Success when planting trees is something we all want to experience, and nothing is more important to assuring your successful tree planting than selecting trees that have healthy, properly structured and power packed root systems.
When they are properly raised, harvested, and maintained up to planting time, traditional balled and burlapped trees in a wire basket with a burlap liner can be successful, and offer the opportunity to plant a good sized tree. Drawbacks of balled and burlapped trees are higher cost, weights of 300-1000 pounds, greater transplant shock, and a 2-3 year time period until the tree becomes established enough to regain a vibrant appearance.
Planting bare root trees is an excellent and economical way to get trees planted and be able to prune the roots prior to planting in order to assure good root structure. Drawbacks to planting bare root trees directly into your landscape are generally smaller size, significant transplant shock, higher failure rates, fairly long time for establishment, and a very short period of about three weeks each spring when bare root trees are available and can be planted.
Container trees are trees that have become established in a plastic nursery pot, and this type of packaging has become very popular over the last several decades. The reasons for this popularity are that container trees are generally a bit larger than bare root trees, are easy to handle and transport, fall into an affordable price range, suffer les transplant shock, establishe fairly quickly when proper planting technique is used, and have high success rates. In Minnesota, container trees can be successfully panted from early April to late November, which presents a huge 8 month long window of opportunity.
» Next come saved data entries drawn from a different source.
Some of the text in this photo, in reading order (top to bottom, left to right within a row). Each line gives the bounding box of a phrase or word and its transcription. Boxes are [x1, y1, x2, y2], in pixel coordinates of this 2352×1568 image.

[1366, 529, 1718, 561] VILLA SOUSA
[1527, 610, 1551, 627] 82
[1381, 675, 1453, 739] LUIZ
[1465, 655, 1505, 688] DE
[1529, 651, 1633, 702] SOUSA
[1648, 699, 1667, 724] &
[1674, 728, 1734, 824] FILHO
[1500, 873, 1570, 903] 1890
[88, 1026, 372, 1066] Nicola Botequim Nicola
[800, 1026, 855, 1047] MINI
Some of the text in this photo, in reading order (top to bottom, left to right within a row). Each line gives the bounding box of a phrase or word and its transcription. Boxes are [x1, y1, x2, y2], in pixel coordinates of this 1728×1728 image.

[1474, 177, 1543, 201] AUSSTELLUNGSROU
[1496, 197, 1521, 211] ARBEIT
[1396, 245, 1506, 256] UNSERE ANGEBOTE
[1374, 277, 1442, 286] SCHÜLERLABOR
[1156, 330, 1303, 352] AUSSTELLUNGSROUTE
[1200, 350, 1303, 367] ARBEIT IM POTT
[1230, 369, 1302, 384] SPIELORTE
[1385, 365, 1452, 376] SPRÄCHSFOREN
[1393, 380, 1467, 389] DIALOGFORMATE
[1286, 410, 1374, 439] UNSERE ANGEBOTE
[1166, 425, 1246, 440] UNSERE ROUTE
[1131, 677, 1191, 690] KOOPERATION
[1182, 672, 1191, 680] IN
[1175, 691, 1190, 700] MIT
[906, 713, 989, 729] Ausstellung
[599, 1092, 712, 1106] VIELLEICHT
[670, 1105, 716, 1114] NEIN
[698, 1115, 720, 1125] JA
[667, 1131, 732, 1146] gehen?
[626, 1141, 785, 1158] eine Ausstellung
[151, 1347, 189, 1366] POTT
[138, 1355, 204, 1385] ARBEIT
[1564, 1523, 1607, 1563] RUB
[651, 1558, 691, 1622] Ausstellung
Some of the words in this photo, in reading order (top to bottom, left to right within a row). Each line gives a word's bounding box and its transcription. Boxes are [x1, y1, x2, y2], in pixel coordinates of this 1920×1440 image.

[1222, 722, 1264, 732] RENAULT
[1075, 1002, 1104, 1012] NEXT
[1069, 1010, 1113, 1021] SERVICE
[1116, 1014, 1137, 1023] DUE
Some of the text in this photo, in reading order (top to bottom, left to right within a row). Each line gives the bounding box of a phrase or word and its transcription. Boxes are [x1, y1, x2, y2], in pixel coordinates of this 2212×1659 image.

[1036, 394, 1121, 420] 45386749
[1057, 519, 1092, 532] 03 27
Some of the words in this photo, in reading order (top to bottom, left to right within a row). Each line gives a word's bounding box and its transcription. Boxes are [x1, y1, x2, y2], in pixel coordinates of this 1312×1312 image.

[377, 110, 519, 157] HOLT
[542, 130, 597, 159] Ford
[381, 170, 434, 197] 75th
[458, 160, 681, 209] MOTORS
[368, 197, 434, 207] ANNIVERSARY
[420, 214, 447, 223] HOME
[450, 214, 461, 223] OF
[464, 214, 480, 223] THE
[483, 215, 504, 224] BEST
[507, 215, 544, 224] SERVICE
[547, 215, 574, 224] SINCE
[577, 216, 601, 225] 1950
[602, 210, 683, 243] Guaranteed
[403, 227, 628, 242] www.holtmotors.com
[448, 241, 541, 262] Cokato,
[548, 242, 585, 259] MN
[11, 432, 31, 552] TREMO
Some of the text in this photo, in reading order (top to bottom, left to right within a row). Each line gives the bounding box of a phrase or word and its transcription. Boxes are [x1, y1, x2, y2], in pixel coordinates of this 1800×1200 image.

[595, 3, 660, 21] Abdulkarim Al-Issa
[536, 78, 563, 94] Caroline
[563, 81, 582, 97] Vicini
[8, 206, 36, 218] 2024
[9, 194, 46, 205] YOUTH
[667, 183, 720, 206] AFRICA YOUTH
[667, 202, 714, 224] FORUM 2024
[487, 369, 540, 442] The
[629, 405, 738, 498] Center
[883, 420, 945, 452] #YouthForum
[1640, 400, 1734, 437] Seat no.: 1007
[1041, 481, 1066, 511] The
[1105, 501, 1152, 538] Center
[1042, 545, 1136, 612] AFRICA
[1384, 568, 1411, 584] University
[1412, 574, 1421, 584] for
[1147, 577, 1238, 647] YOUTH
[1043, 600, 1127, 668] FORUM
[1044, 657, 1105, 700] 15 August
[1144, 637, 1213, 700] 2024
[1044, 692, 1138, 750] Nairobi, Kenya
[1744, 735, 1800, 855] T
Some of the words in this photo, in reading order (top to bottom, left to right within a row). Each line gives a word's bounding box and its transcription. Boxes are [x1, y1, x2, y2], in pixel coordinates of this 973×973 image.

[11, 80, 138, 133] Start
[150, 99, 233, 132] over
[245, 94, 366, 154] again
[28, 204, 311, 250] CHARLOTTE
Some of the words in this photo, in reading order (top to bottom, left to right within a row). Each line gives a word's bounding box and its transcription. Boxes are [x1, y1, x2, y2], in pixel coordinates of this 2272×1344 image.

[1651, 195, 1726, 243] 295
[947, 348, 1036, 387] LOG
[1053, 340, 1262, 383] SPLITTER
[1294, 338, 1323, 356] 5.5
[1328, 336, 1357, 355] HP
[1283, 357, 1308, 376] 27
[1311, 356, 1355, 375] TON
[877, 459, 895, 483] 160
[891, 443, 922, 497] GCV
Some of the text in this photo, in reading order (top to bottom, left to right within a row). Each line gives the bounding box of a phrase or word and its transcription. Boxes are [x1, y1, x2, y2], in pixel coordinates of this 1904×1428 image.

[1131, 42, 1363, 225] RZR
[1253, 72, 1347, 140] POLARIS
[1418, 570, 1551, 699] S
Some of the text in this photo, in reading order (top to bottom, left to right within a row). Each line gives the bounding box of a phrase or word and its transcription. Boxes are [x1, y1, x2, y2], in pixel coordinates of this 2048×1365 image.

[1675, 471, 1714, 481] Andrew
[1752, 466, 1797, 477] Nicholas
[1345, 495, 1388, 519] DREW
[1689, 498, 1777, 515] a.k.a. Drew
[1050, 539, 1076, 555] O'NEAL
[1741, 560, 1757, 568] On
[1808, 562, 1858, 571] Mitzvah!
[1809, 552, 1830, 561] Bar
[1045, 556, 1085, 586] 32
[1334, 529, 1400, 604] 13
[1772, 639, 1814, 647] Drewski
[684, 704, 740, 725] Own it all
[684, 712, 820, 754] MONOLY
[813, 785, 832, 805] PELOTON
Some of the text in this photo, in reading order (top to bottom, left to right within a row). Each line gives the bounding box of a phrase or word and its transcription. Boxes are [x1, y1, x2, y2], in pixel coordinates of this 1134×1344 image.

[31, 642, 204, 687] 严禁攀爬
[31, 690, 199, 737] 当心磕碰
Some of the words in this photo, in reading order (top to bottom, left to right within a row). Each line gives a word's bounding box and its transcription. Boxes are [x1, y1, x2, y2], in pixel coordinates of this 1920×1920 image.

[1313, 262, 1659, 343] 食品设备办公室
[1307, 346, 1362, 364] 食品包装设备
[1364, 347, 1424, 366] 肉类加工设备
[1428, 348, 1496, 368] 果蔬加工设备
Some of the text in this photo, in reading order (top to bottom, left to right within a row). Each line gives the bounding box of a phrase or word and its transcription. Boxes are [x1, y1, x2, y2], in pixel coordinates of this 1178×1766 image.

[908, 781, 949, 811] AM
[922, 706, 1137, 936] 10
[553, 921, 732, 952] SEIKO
Not all container trees are created equal. In standard plastic nursery pots with solid side walls and 4-6 drain holes in the bottom, it is easy for roots to circle around inside the pot, and become root bound. If the person planting the root bound tree fails to ultra-aggressively root prune the matted roots to eliminate all circling of roots on the outside of the root ball, there is a fairly high probability the tree will fail to develop a properly structured root system and will gradually decline and die. When matted roots are aggressively shredded or removed prior to planting, long term results can be good, but transplant shock is significant.
Happily there are container trees being produced that have almost perfect root systems, transplant easily and establish quickly, and maintain a vibrant appearance right from the first day they are planted into your landscape. These container trees are produced in a very special type of plastic nursery pot that has dozens of open slots in the sidewalls and bottom that air root prune the roots of the tree as it becomes established in the pot. The result is an almost perfectly structured root system, with far more fine hair roots to reduce transplant shock, more stored energy to push new growth as soon as the tree is planted, high success rates, and very little chance of developing stem girdling roots that could cause the tree to have problems 10-20 years after planting. These air root pruned container trees are very affordable, and because of the wonderful performance they deliver, we are seeing a growing number of customers who come back and specifically request trees grown in the air root pruning pots. At Knecht’s Nurseries and Landscaping, we call our trees in air root pruning containers Peak Performance Trees. We offer Knecht’s Peak Performance Trees in pot sizes from one gallon to 30 gallons and heights of 6 inches to 16 feet tall. Our huge inventory of Peak Performance Trees offers a wide choice of varieties and sizes to fit almost any budget and application.
We invite you to stop in and see for yourself the great selection of Peak Performance Trees we offer in state of the art air root pruning containers. Prices range from $12.99 to $259 and everything in between.
Heidi Brosseau from our retail staff submits the following blog:
Feeling Fall – by Heidi Brosseau
School is in session. Our spring is back in the company of teachers, crowded hallways, cafeterias, and library books. Football practice has begun. Plaid woolen blankets and stadium seat cushions are finding their way back into the trunk next to the umbrella and jumper cables. Soon the ice scraper will join them there, Painted leaves will line the sidewalk aisle through the yard. I can imagine them rustling under someone’s step. Sound and smell rising up for recognition. The imprint of sounds and smells that have never disappointed. Reminders of leaf piles, sweaters, blue autumn skies & scratchy woolen blankets.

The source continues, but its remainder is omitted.